Segment Open

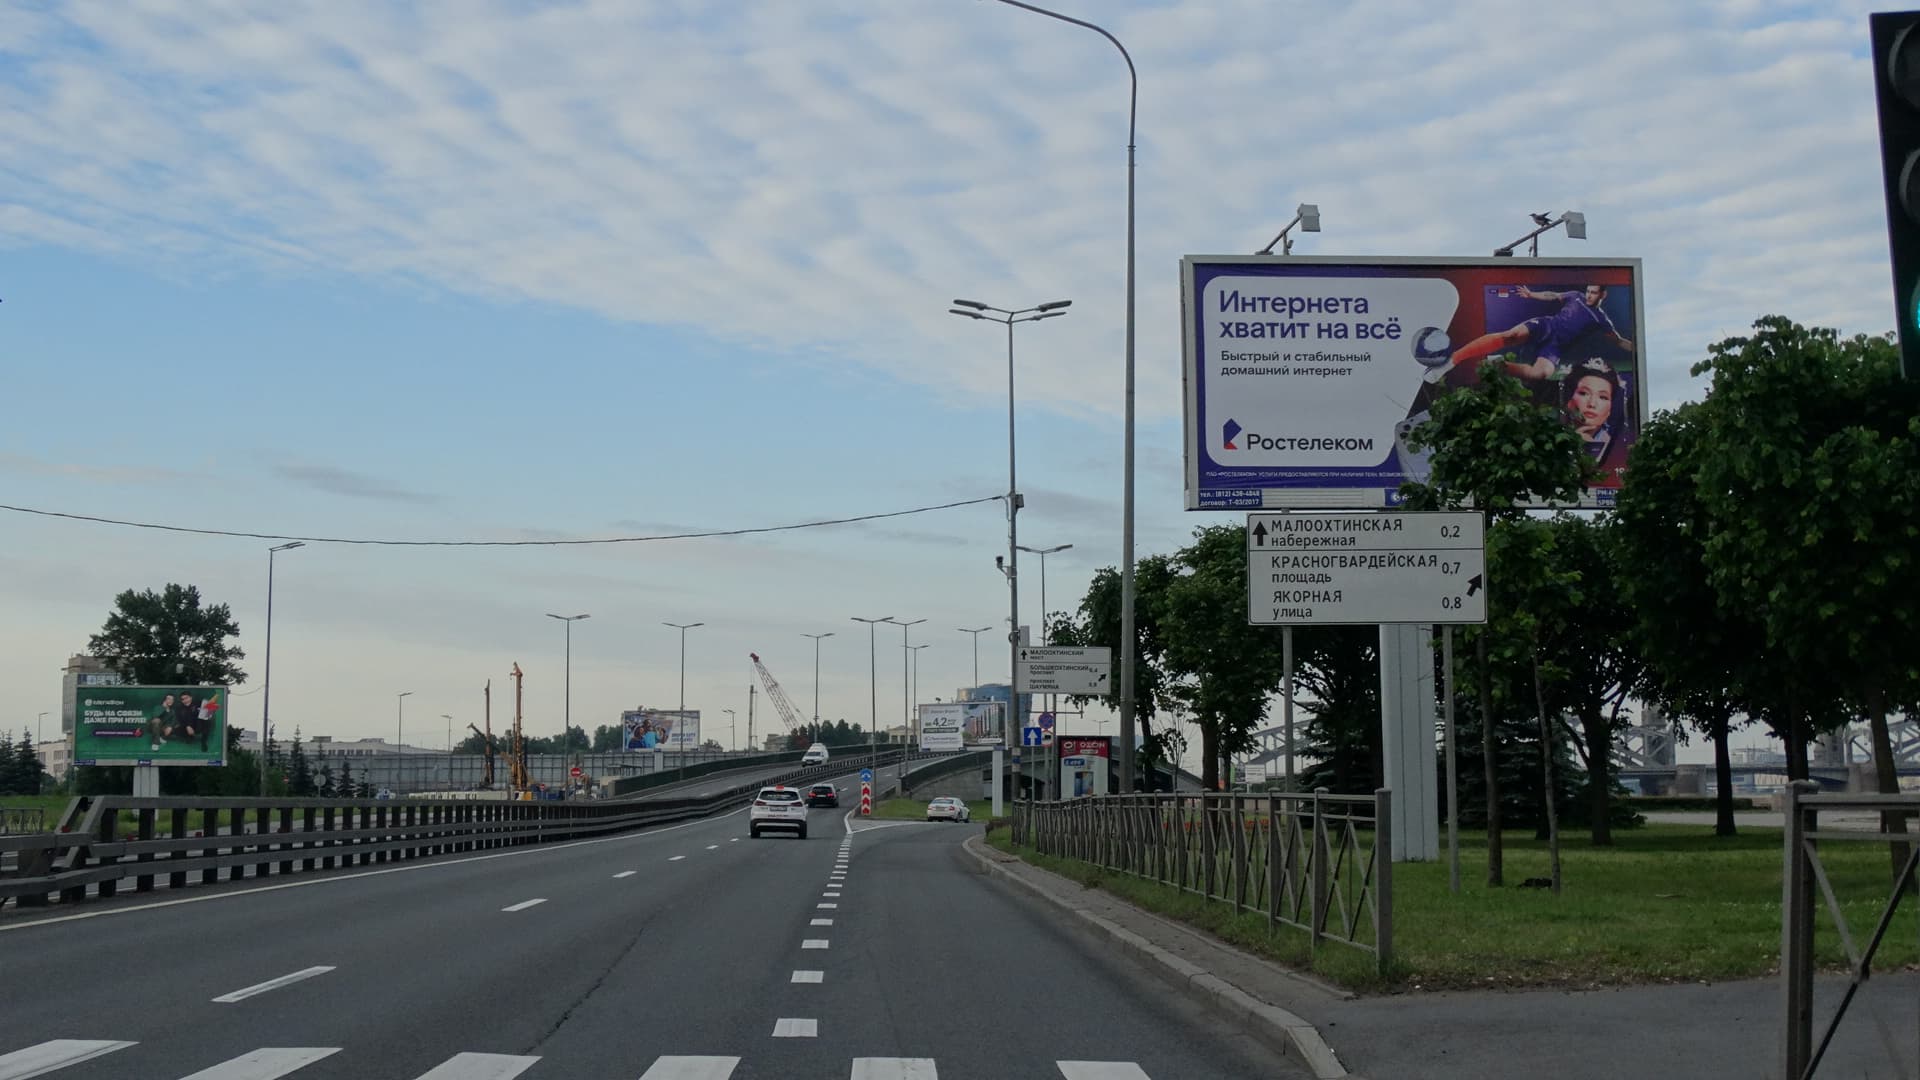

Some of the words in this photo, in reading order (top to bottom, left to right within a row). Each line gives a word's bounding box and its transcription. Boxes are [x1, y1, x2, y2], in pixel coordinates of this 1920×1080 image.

[1220, 290, 1368, 319] Интернета
[1220, 322, 1310, 339] хватит
[1317, 322, 1348, 339] на
[1356, 318, 1402, 340] всё
[1221, 350, 1280, 364] Быстрый
[1283, 352, 1290, 361] и
[1294, 351, 1372, 362] стабильный
[1221, 366, 1290, 376] домашний
[1293, 367, 1352, 377] интернет
[1247, 433, 1374, 451] Ростелеком
[1271, 519, 1402, 532] МАЛООХТИНСКАЯ
[1271, 535, 1356, 549] набережная
[1272, 553, 1438, 569] КРАСНОГВАРДЕЙСКАЯ
[1272, 573, 1332, 584] площадь
[1273, 590, 1342, 602] ЯКОРНАЯ
[1273, 607, 1312, 619] улица
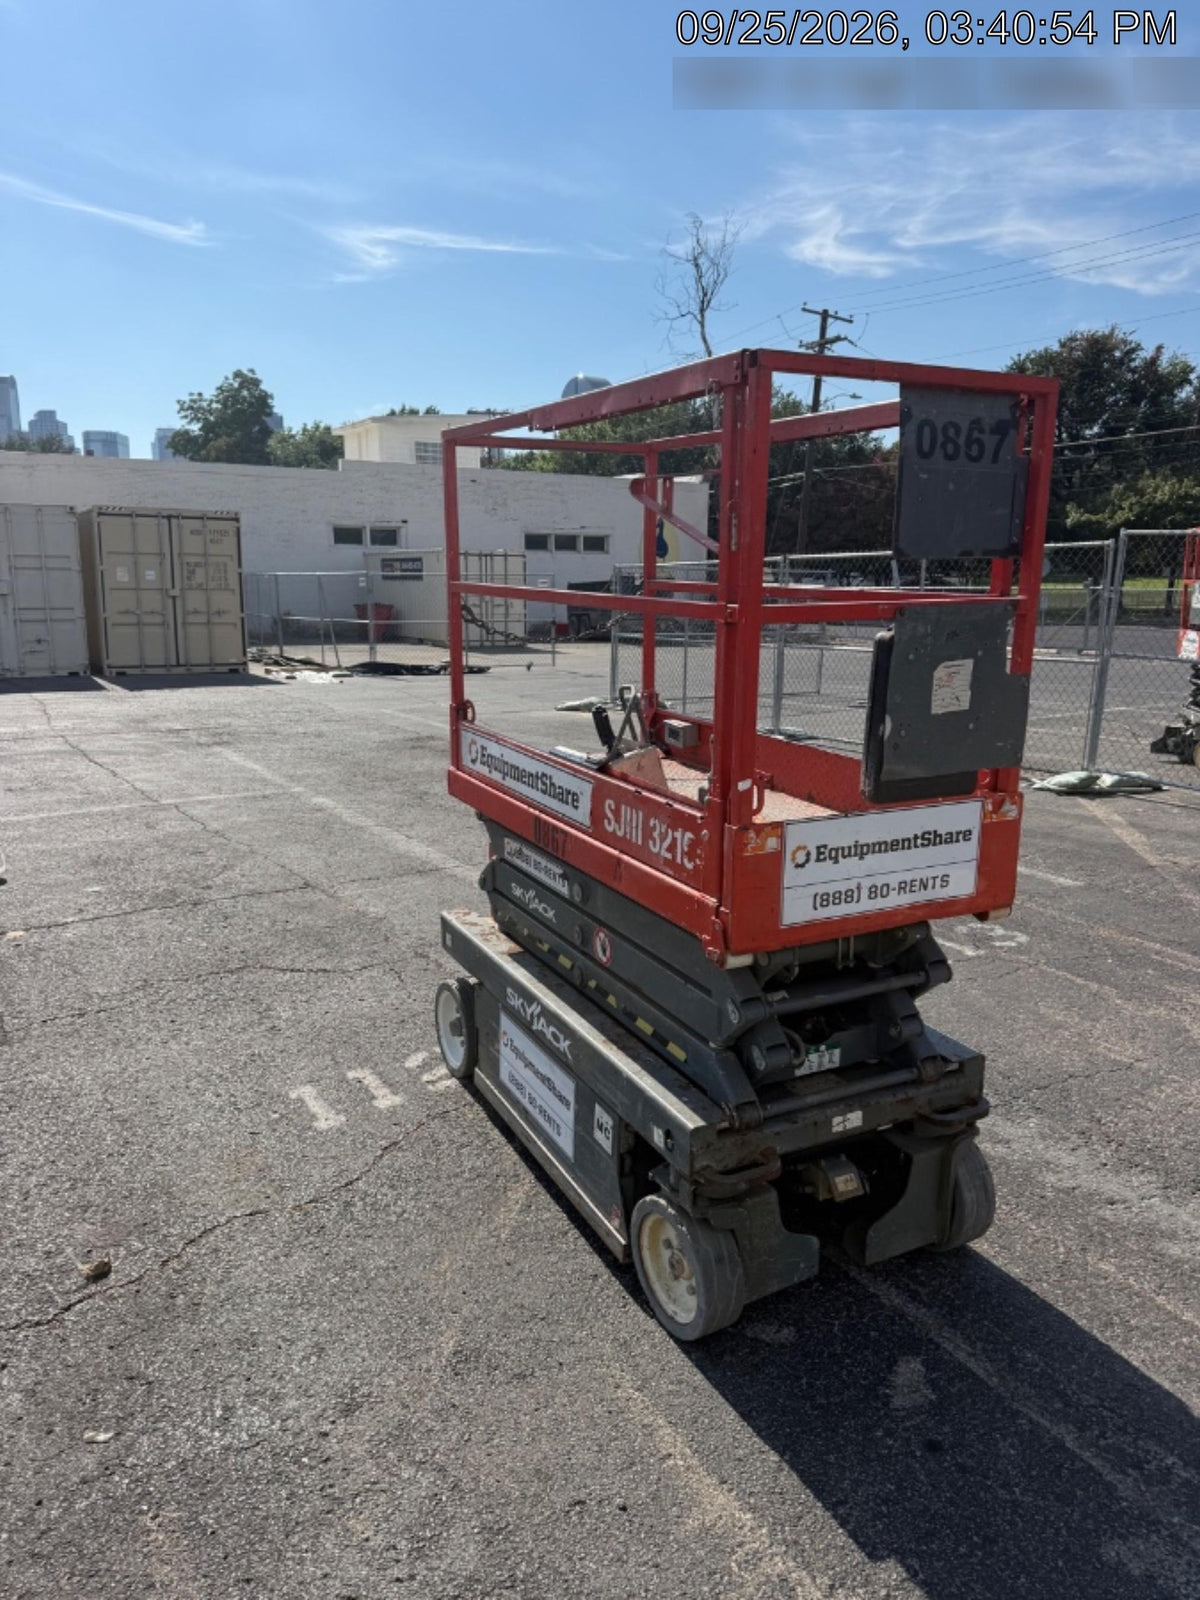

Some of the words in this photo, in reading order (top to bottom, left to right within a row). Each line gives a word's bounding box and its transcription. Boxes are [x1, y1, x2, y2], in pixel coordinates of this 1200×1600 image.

[916, 418, 1011, 464] 0867
[480, 744, 580, 810] EquipmentShare
[814, 828, 973, 864] EquipmentShare
[511, 882, 556, 923] SKYJACK
[812, 882, 862, 911] (888)
[868, 874, 950, 900] 80-RENTS
[506, 986, 573, 1062] SKYJACK

Segment Closed

THE TASK:
Take the material above and set it down exactly, minus the images.

ANSWER SPACE:
Some of the words in this photo, in reading order (top to bottom, left to right within a row). Each line gives a word's bounding box and its transcription. Boxes are [x1, y1, x2, y2], in pixel coordinates of this 1920×1080 image.

[1220, 290, 1368, 319] Интернета
[1220, 322, 1310, 339] хватит
[1317, 322, 1348, 339] на
[1356, 318, 1402, 340] всё
[1221, 350, 1280, 364] Быстрый
[1283, 352, 1290, 361] и
[1294, 351, 1372, 362] стабильный
[1221, 366, 1290, 376] домашний
[1293, 367, 1352, 377] интернет
[1247, 433, 1374, 451] Ростелеком
[1271, 519, 1402, 532] МАЛООХТИНСКАЯ
[1271, 535, 1356, 549] набережная
[1272, 553, 1438, 569] КРАСНОГВАРДЕЙСКАЯ
[1272, 573, 1332, 584] площадь
[1273, 590, 1342, 602] ЯКОРНАЯ
[1273, 607, 1312, 619] улица

Some of the words in this photo, in reading order (top to bottom, left to right within a row). Each line gives a word's bounding box and its transcription. Boxes are [x1, y1, x2, y2], in pixel coordinates of this 1200×1600 image.

[916, 418, 1011, 464] 0867
[480, 744, 580, 810] EquipmentShare
[814, 828, 973, 864] EquipmentShare
[511, 882, 556, 923] SKYJACK
[812, 882, 862, 911] (888)
[868, 874, 950, 900] 80-RENTS
[506, 986, 573, 1062] SKYJACK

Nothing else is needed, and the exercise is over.